The existentialism we see today is rooted most prominently in the writings of Søren Kierkegaard, and as a consequence, it might be argued that modern existentialism started out as being fundamentally Christian in nature, only later diverging into other forms. It is thus important to understand Christian existentialism in order to understand existentialism at all.

A central question in Kierkegaard’s writings is how the individual human being can come to terms with their own existence, for it is that existence which is the most important thing in every person’s life.

Unfortunately, we are as if adrift in a infinite sea of possible modes of living with no secure anchor that reason informs us will provide certainty and confidence.

This produces despair and anguish, but in the midst of our “metaphysical sickness” we will face a “crisis,” a crisis which reason and rationality cannot decide. We are forced to reach a decision anyway and to make a commitment, but only after making what Kierkegaard called a “leap of faith” — a leap that is preceded by an awareness of our own freedom and the fact that we might choose wrongly, but nevertheless we must make a choice if we are to truly live.

Those who have developed the Christian themes of Kierkegaard’s existentialism explicitly focus upon the idea that the leap of faith we make must be one which causes us to surrender ourselves totally to God rather than to insist on a continued reliance upon our own reason. It is, then, a focus upon the triumph of faith over philosophy or intellect.

We can see this perspective most clearly in the writings of Karl Barth, a Protestant theologian who was among the most faithful to Kierkegaard’s religious intentions and who can be looked upon as the starting point of explicitly Christian existentialism in the twentieth century. According to Barth, who repudiated the liberal theology of his youth on account of the experiences of World War I, the anguish and despair we experience in the midst of an existential crisis reveals to us the reality of the infinite God.

This is not the God of the philosophers or of rationalism, because Barth felt that rationalistic systems of understanding God and humanity had been invalidated by the destruction of the war, but the God of Abraham and Isaac and the God who spoke to the prophets of ancient Israel.
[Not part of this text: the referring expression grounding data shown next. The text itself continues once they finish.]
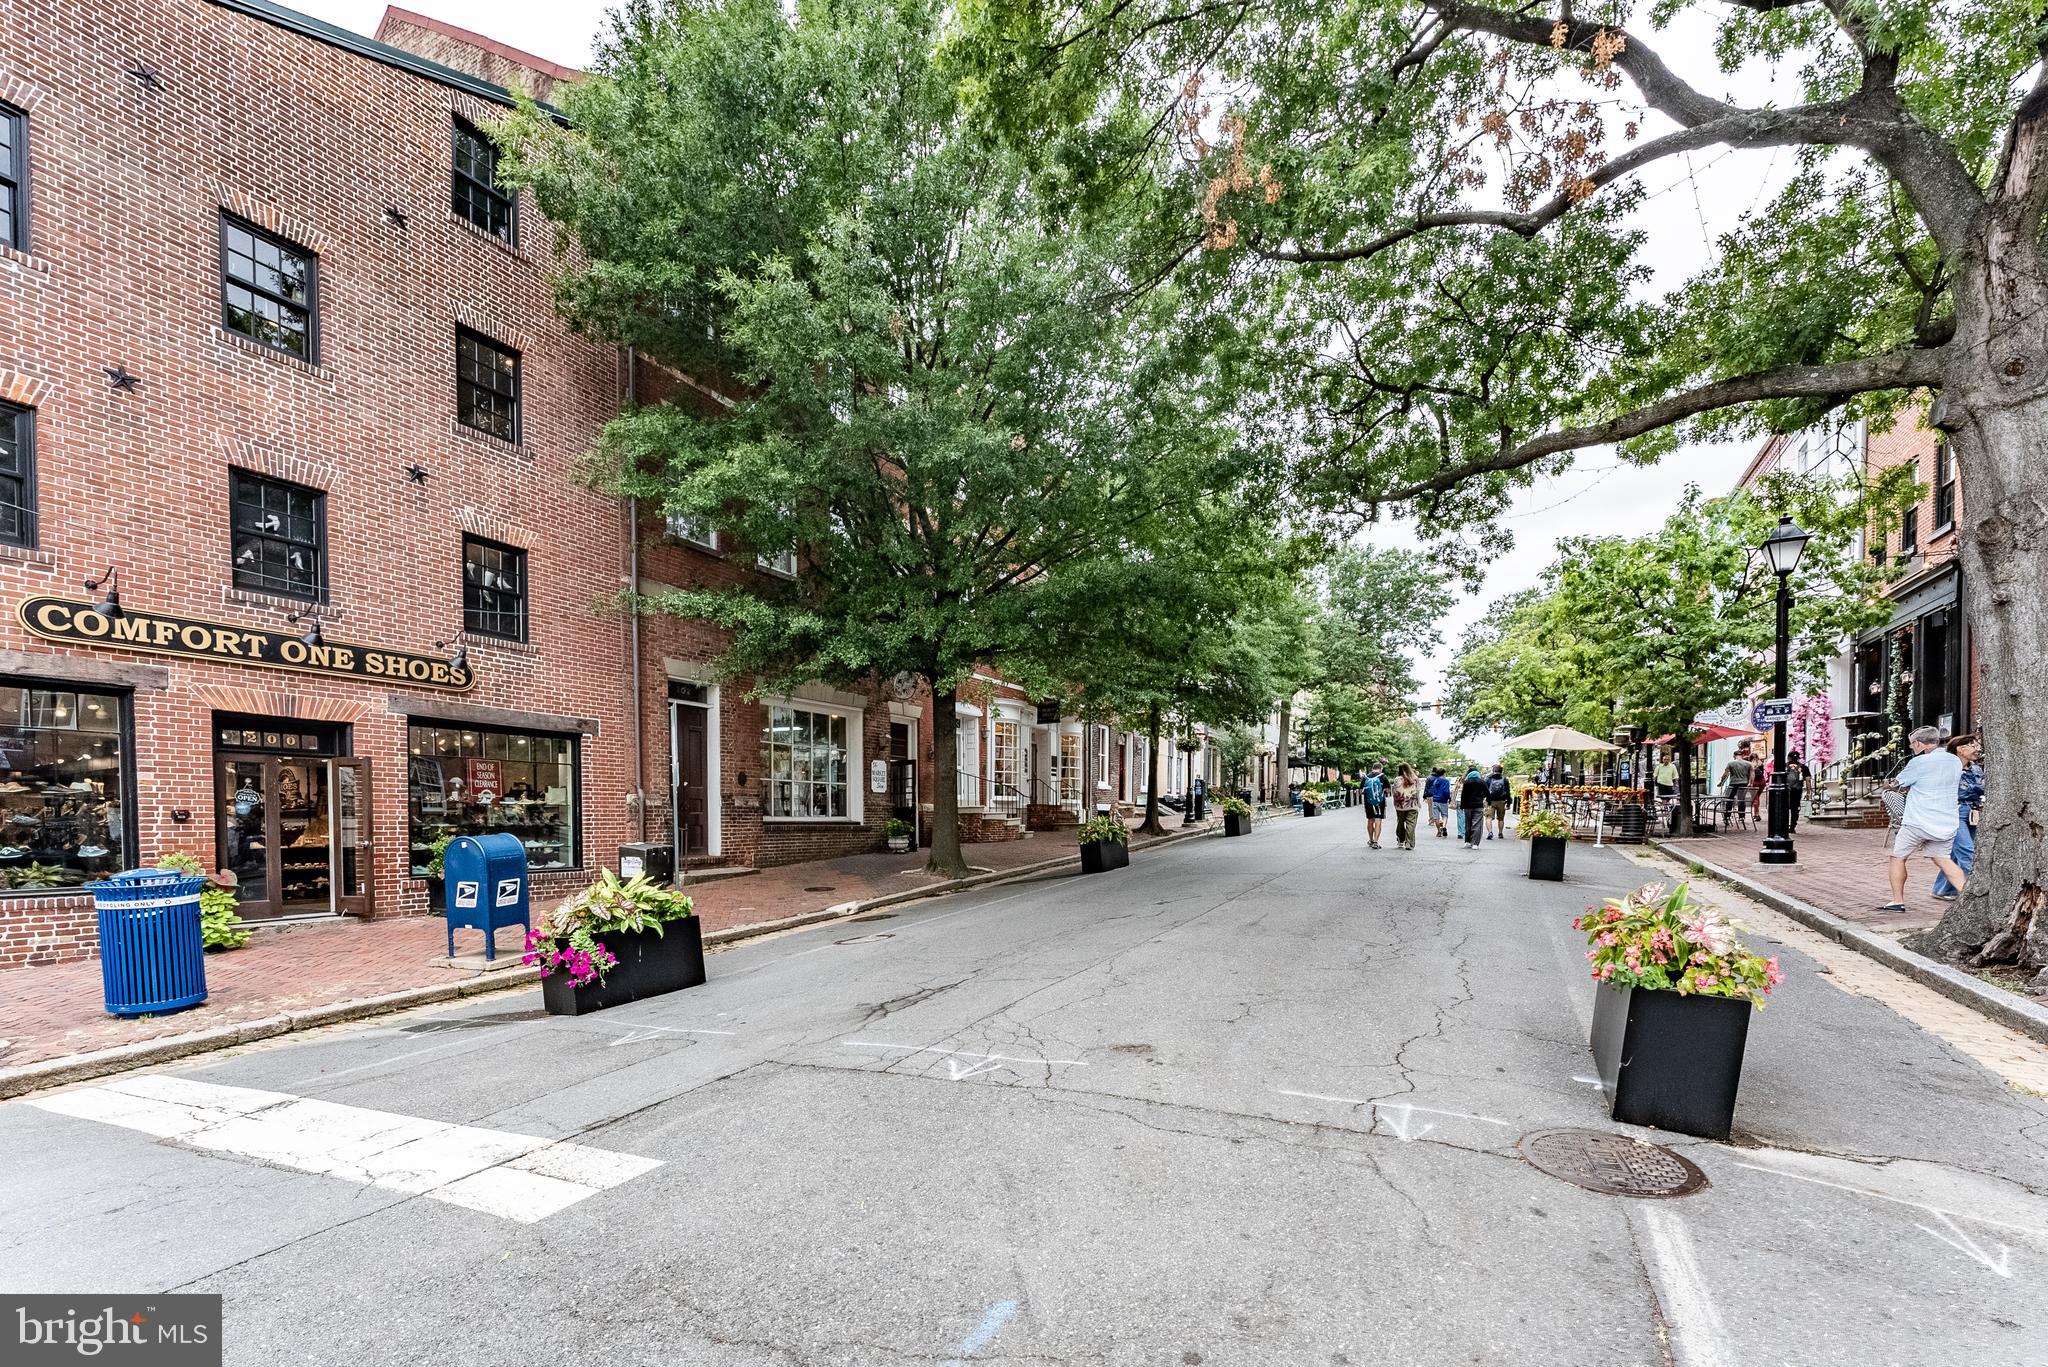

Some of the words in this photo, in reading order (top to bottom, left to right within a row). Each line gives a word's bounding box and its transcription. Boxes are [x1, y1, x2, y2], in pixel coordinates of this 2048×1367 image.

[37, 605, 268, 658] COMFORT
[280, 640, 355, 670] ONE
[365, 652, 467, 686] SHOES
[247, 734, 295, 745] 200
[488, 763, 495, 771] OF
[476, 771, 495, 779] SEASON
[474, 780, 498, 788] CLEARANCE
Neither rational grounds for theology nor for understanding divine revelation should be sought after because they simply don’t exist. On this point Barth relied on Dostoyevsky as well as Kierkegaard, and from Dostoyevsky he drew the idea that life wasn’t nearly as predictable, orderly, and reliable as it appeared to be.

Paul Tillich was one Christian theologian who made extensive use of existentialist ideas, but in his case he relied more upon Martin Heidegger than Søren Kierkegaard. For example, Tillich used Heidegger’s concept of “Being,” but unlike Heidegger he argued that God is “Being-itself,” which is to say our ability to overcome doubt and anxiety in order to make the necessary choices to commit ourselves to a way of living.
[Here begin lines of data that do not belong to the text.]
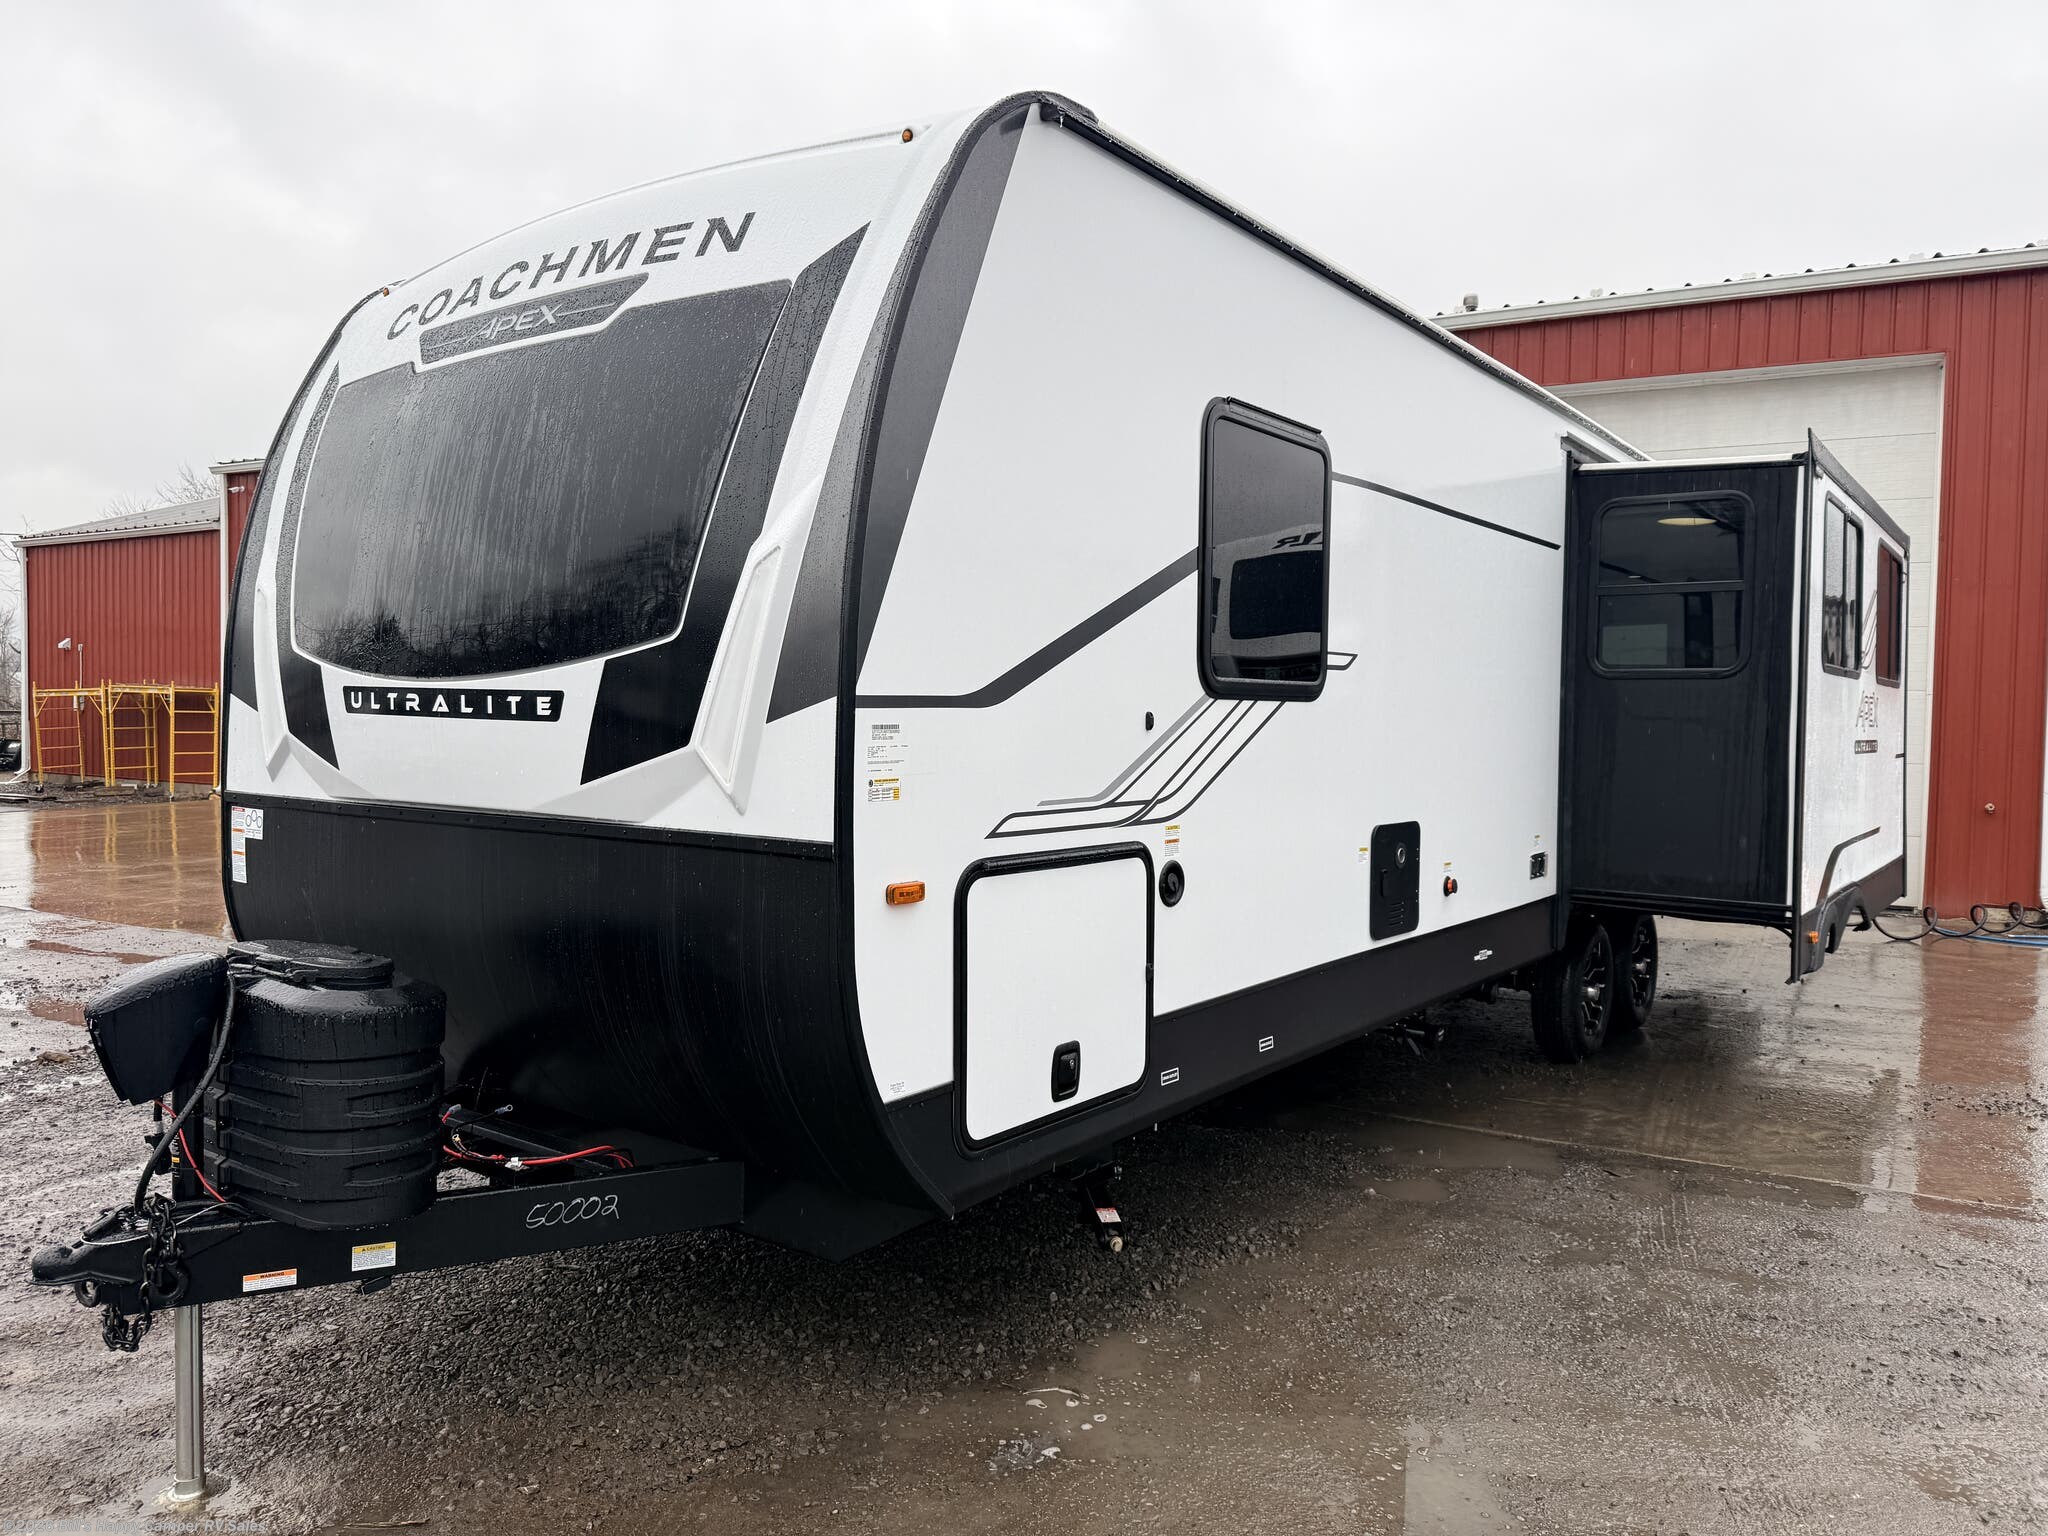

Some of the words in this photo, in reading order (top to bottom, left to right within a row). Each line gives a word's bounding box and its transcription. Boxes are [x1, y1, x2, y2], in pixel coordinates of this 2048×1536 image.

[387, 211, 756, 341] COACHMEN
[471, 303, 564, 341] APEX
[350, 691, 552, 716] ULTRALITE
[526, 1194, 620, 1229] 50002
[366, 1244, 386, 1252] CAUTION
[260, 1271, 285, 1279] WARNING
This “God” is not the traditional God of classical, philosophical theism nor is it the God of traditional Christian theology — a sharp contrast to Barth’s position, which has been labeled “neo-orthodoxy” because of its call for us to return to a a non-rational faith. Tillich’s theological message was not about turning our lives over to the will of a divine power but rather that it is possible for us to overcome the apparent meaninglessness and emptiness of our lives. That, however, could only be achieved through what we choose to do in response to that meaninglessness.

Perhaps the most extensive developments of existentialist themes for Christian theology can be found in the work of Rudolf Bultmann, a theologian who argued that the New Testament conveys a genuinely existentialist message which has been lost and/or covered over through the years. What we need to learn from the text is the idea that we have to choose between living an “authentic” existence (where we face up to our own limits, including our mortality) and an “inauthentic” existence (where we recoil from despair and mortality).
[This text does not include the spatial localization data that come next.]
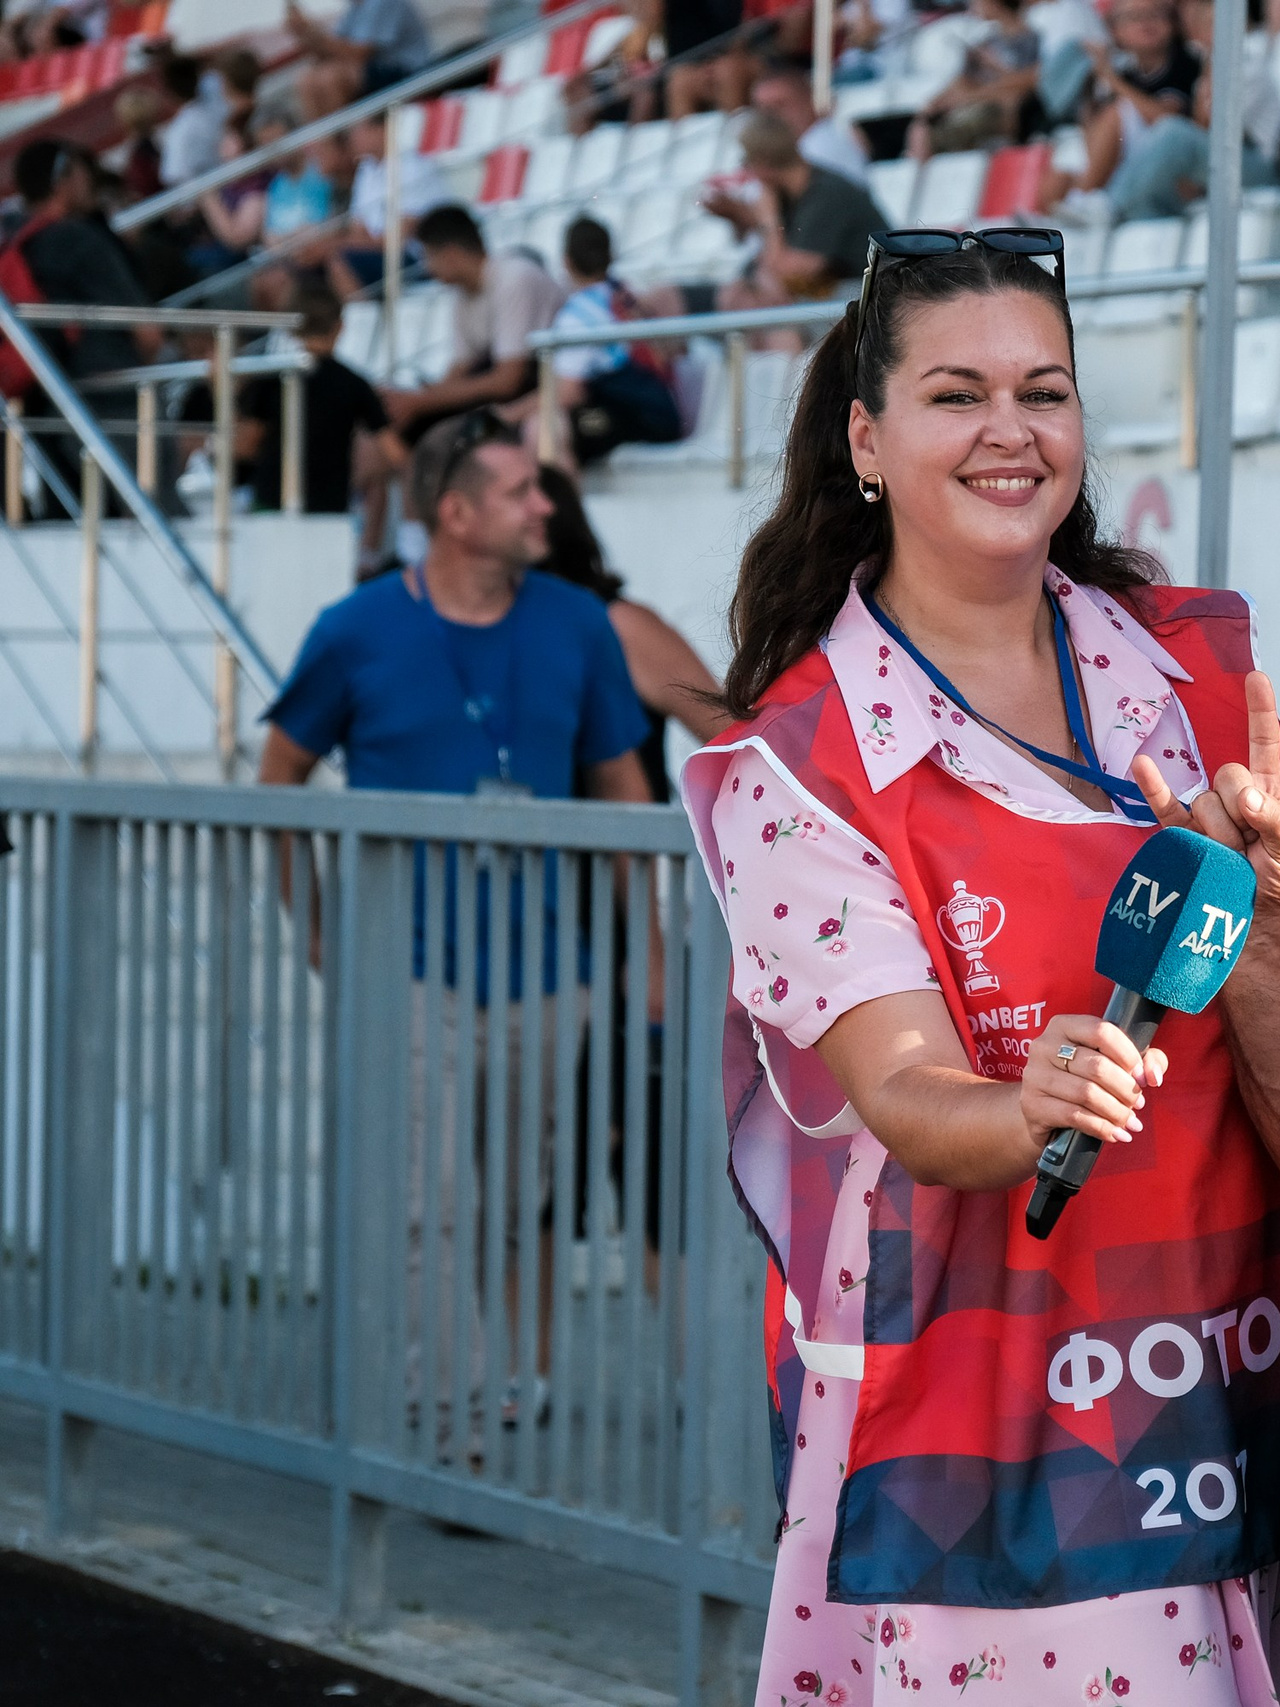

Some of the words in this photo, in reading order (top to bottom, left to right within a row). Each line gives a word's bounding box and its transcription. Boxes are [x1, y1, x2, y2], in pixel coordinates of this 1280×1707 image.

[1126, 872, 1181, 918] TV
[1200, 903, 1248, 949] TV
[965, 1000, 1047, 1035] ONBET
[1001, 1037, 1034, 1058] РОС
[997, 1062, 1026, 1077] ФУТБО
Bultmann, like Tillich, relied heavily upon the writings of Martin Heidegger — so much so, in fact, that critics have charged that Bultmann simply portrays Jesus Christ as a precursor to Heidegger. There is some merit to this accusation. Although Bultmann argued that the choice between an authentic and inauthentic existence cannot be made on rational grounds, there there does not seem to be a strong argument for saying that this is somehow analogous to the concept of Christian grace.

Evangelical Protestantism today owes a great deal to the early developments of Christian existentialism — but probably more those of Barth than of Tillich and Bultmann. We continue to see a focus on key themes like the the emphasis of an engagement with the Bible rather than philosophers, the importance of a personal crisis with leads one to a deeper faith and personal understanding of God, and valuation of irrational faith over and above any attempt to understand God through reason or intellect.

This is a rather ironic situation because existentialism is most often associated with atheism and nihilism, two positions which are common excoriated by evangelicals. They simply don’t realize that they share more in common with at least some atheists and atheistic existentialists than they realize — a problem that might be corrected if they were to take the time to study the history of existentialism more closely.